§ **WHAT TO PRODUCE**
Once the pictures have been set aside, copy every remaining entry exactly.
>>>>>
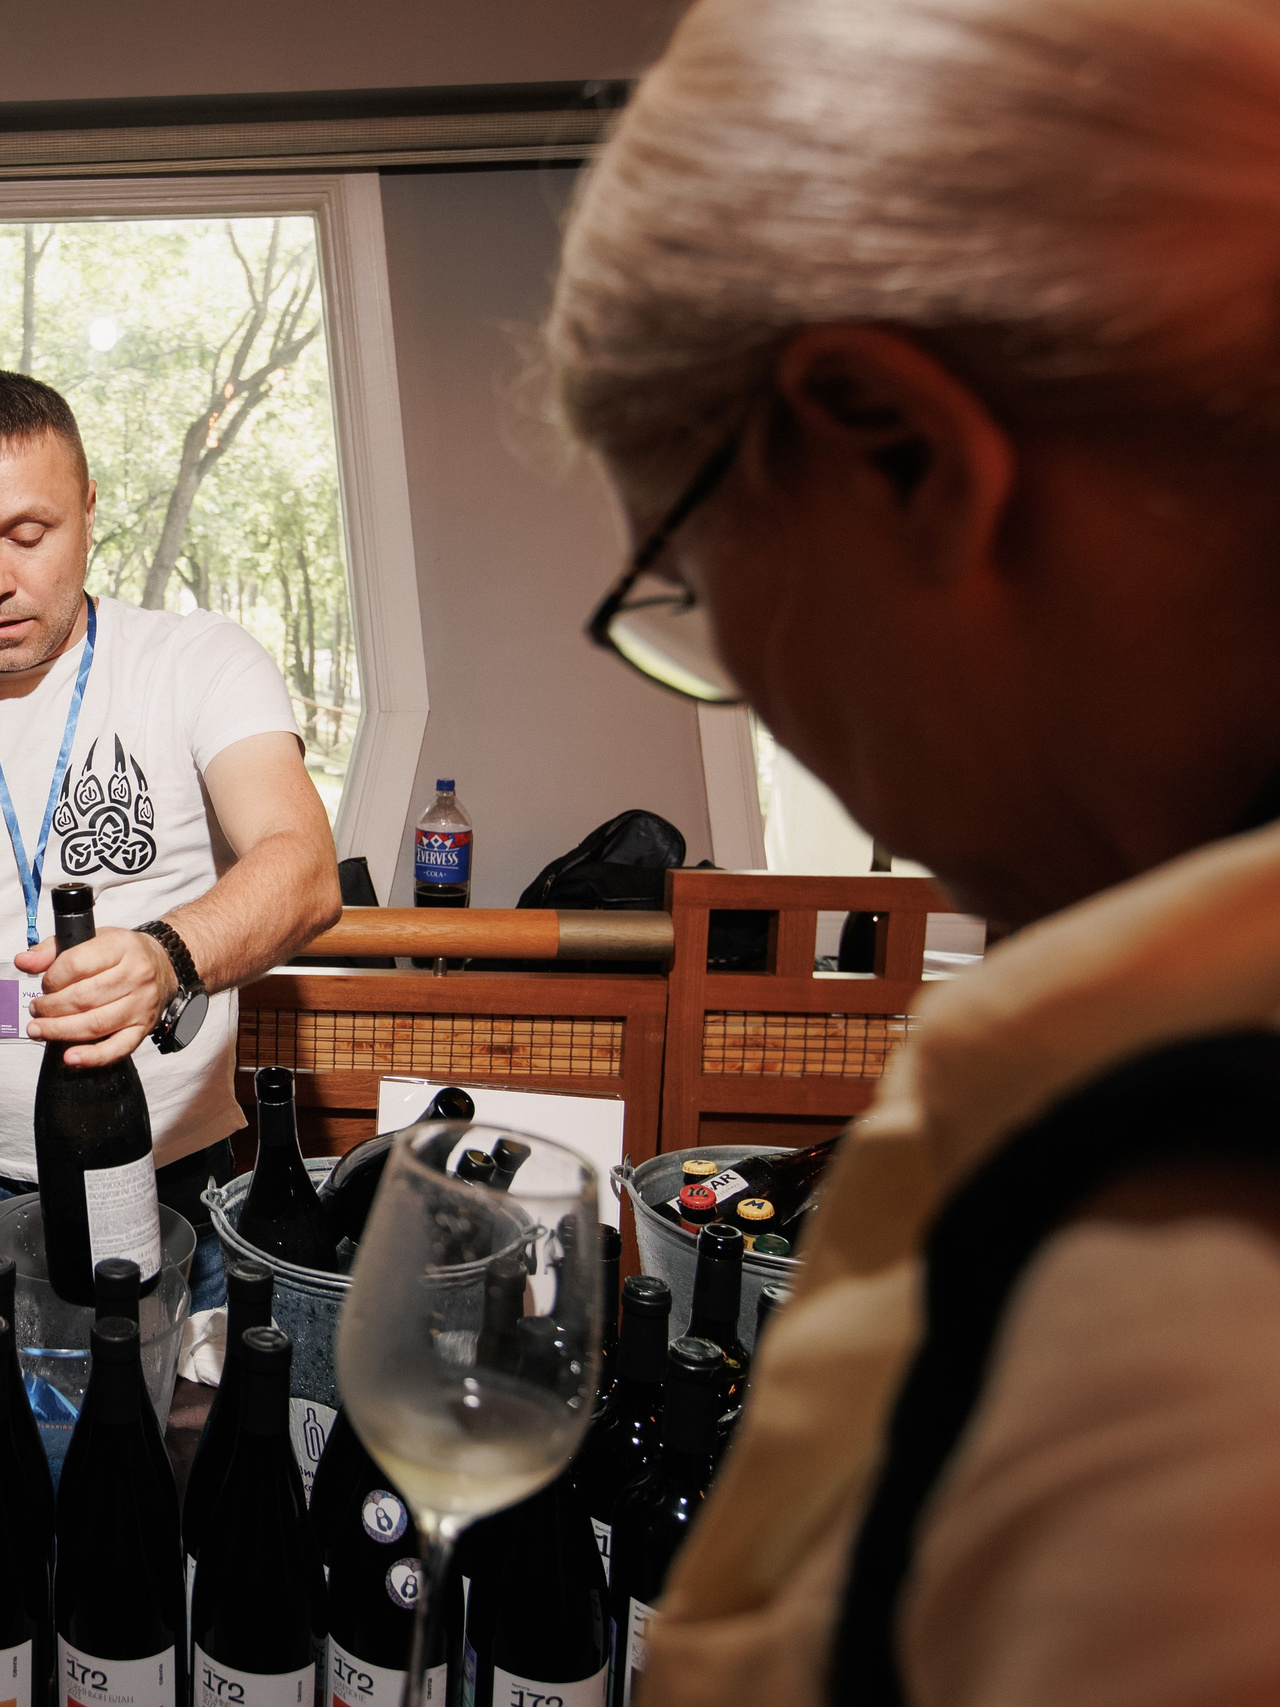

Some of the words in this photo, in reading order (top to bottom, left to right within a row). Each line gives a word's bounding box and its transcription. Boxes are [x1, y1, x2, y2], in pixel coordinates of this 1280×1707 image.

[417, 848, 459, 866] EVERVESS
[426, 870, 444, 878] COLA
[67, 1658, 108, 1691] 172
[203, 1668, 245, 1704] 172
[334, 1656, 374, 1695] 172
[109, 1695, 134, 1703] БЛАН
<<<<<
§ **SOLUTION FOR THIS TASK**
Some of the words in this photo, in reading order (top to bottom, left to right within a row). Each line gives a word's bounding box and its transcription. Boxes are [x1, y1, x2, y2], in pixel coordinates of this 1280×1707 image.

[417, 848, 459, 866] EVERVESS
[426, 870, 444, 878] COLA
[67, 1658, 108, 1691] 172
[203, 1668, 245, 1704] 172
[334, 1656, 374, 1695] 172
[109, 1695, 134, 1703] БЛАН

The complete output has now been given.